Of course, consumers might notice that their chicken doesn't taste quite right--how good could a drug-stuffed, disease-ridden, shit-contaminated animal possibly taste?--but the birds will be injected (or otherwise pumped up) with "broths" and salty solutions to give them what we have come to think of as the chicken look, smell, and taste. (A recent study by Consumer Reports found that chicken and turkey products, many labeled as natural, "ballooned with 10 to 30 percent of their weight as broth, flavoring, or water.") (page 131)" 

"Journalist Scott Bronstein wrote a remarkable series for the Atlanta Journal-Constitution about poultry inspection, which should be required reading for anyone considering eating chicken.
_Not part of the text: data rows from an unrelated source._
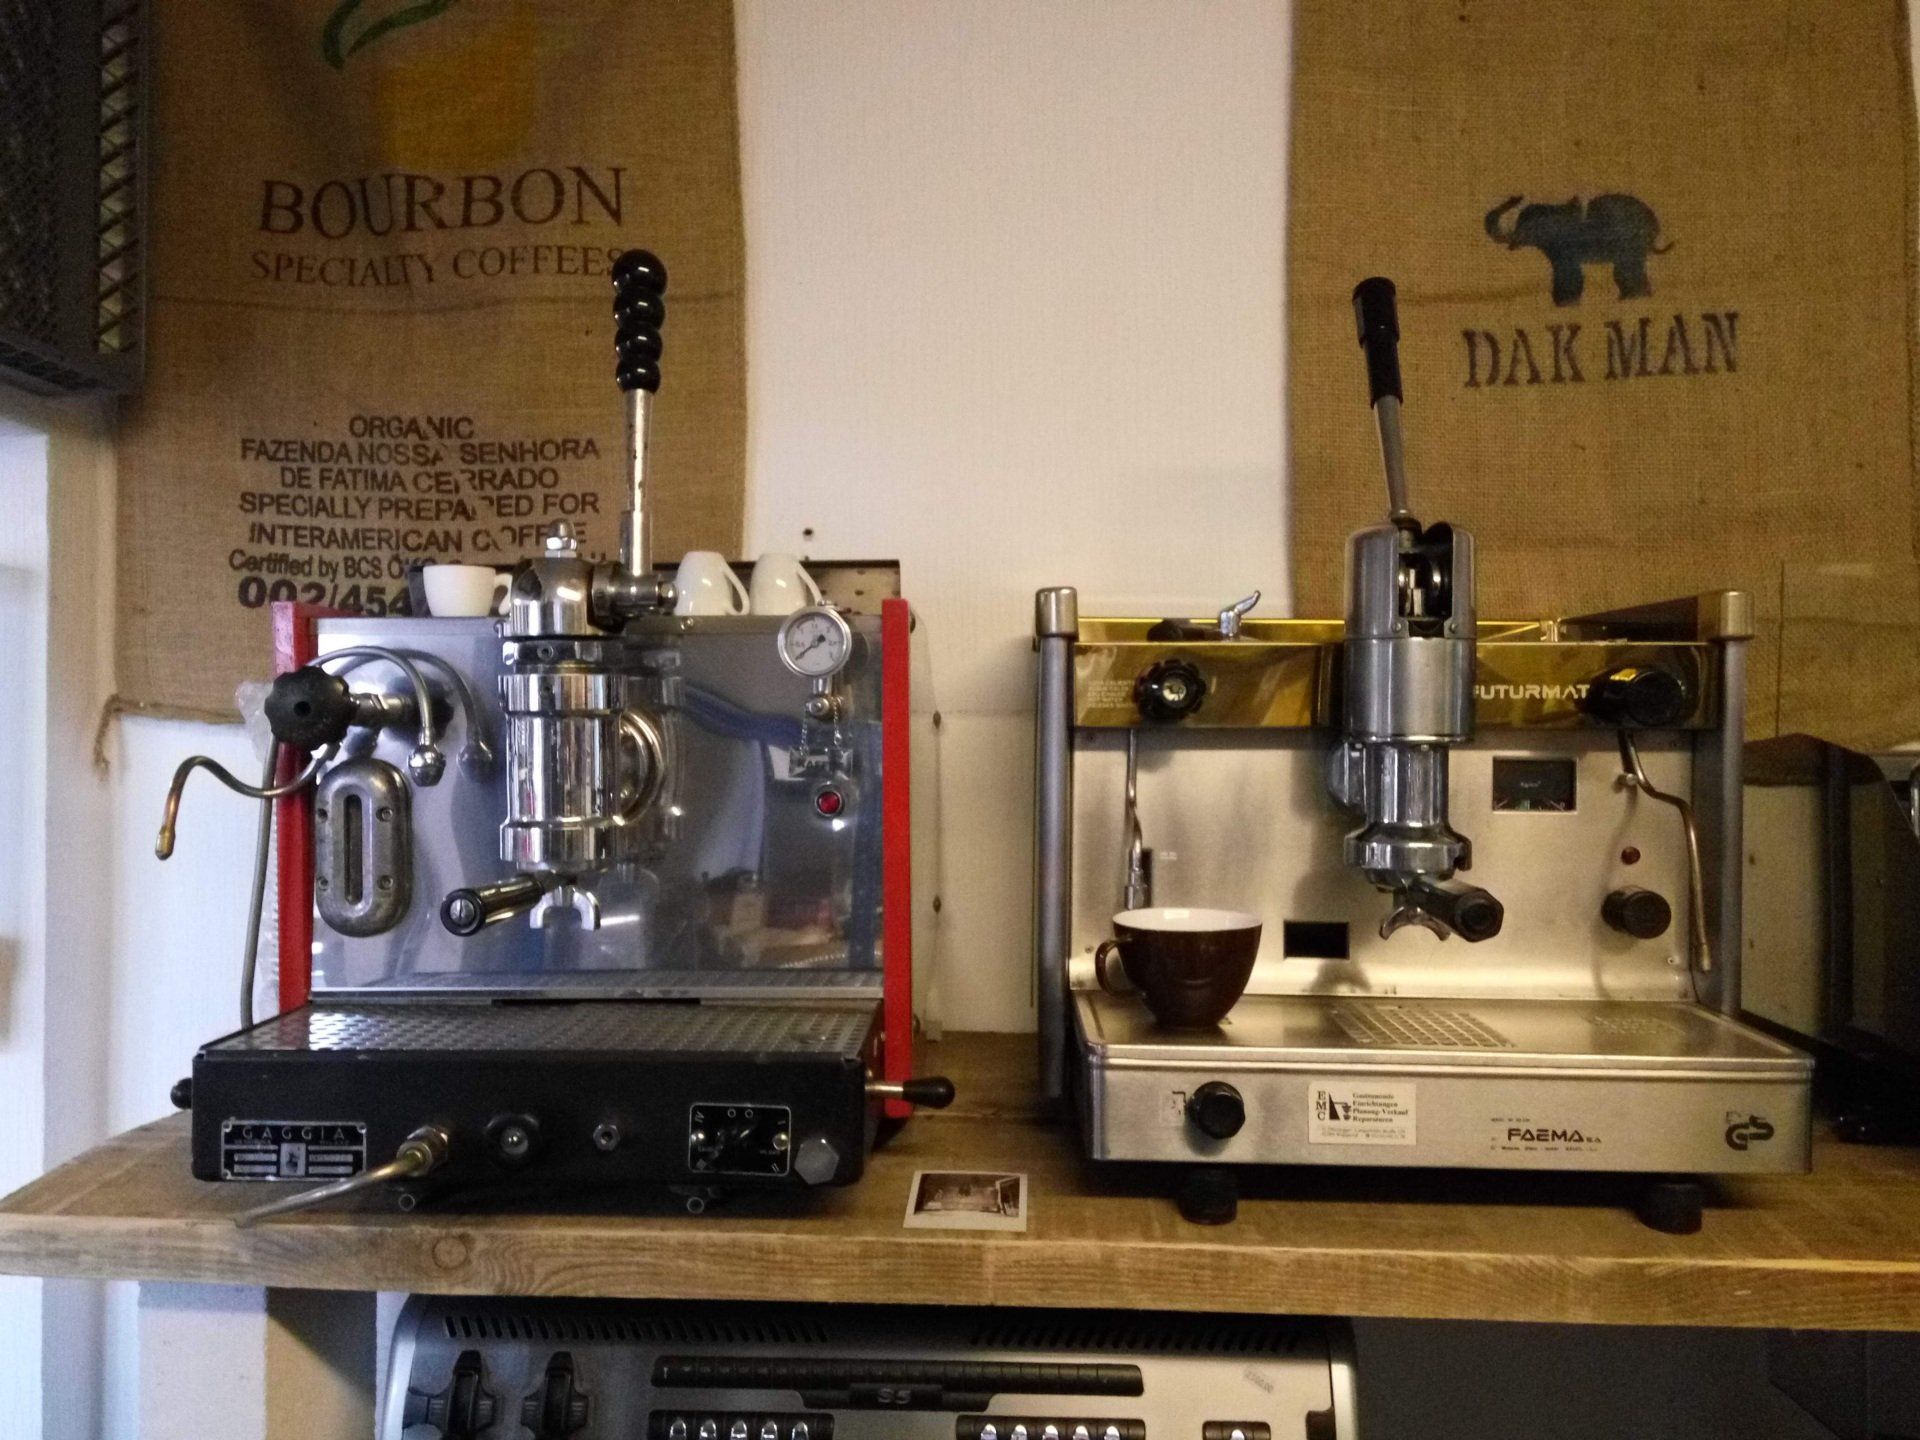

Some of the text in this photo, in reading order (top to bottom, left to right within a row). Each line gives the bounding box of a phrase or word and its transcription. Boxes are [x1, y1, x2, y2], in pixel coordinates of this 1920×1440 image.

[259, 165, 628, 240] BOURBON
[251, 248, 439, 288] SPECIALTY
[1461, 310, 1740, 389] DAK MAN
[349, 415, 475, 440] ORGANIC
[240, 438, 353, 465] FAZENDA
[459, 437, 600, 465] SENHORA
[279, 466, 560, 494] DE FATIMA CERRADO
[239, 492, 372, 519] SPECIALLY
[542, 491, 600, 516] FOR
[471, 522, 587, 552] COFFE
[229, 547, 313, 578] Certified
[318, 554, 340, 584] by
[343, 556, 383, 580] BCS
[242, 1126, 345, 1140] GAGGIA
[1507, 1128, 1584, 1143] FAEMA
He conducted interviews with nearly a hundred USDA poultry inspectors from thirty-seven different plants. "Every week," he reports, "millions of chickens leaking yellow pus, stained by green feces, contaminated by harmful bacteria, or marred by lung and heart infections, cancerous tumors, or skin conditions are shipped for sale to consumers (page 134)."

Have you stopped to consider how readily available meat is here in our country? Think about the meat section of your local grocery store and consider the sheer number of animals it took to stock just that store. Then consider how many grocery stores there are in your town, your state, the entire nation? Try to imagine how many chicken nuggets or burgers McDonalds sells daily. Where is all that meat coming from? How are they selling it for so cheap??? Do you think when you buy a burger for a dollar that the company you're buying it from can afford to grow, kill, package, and sell anything of quality? We are paying a price for not paying enough for our food.

Well, this is definitely the most depressing blog post I've ever written. Now at least you know the truth, though if you choose to believe these things or change your lifestyle because of them is up to you. No pressure here. I'm perfectly willing to accept (almost) any decisions you make. 

Oh, and here's a link to the video that started it all and got me hooked on Jonathan Safran Foer. It's the one about the vegetarian American in Ukraine. 


1 comment:

  1. Oh my goodness. I had to cover my mouth when I got to the puss and cancer part. Argh. I'll be thinking. I'll be thinking. Thanks.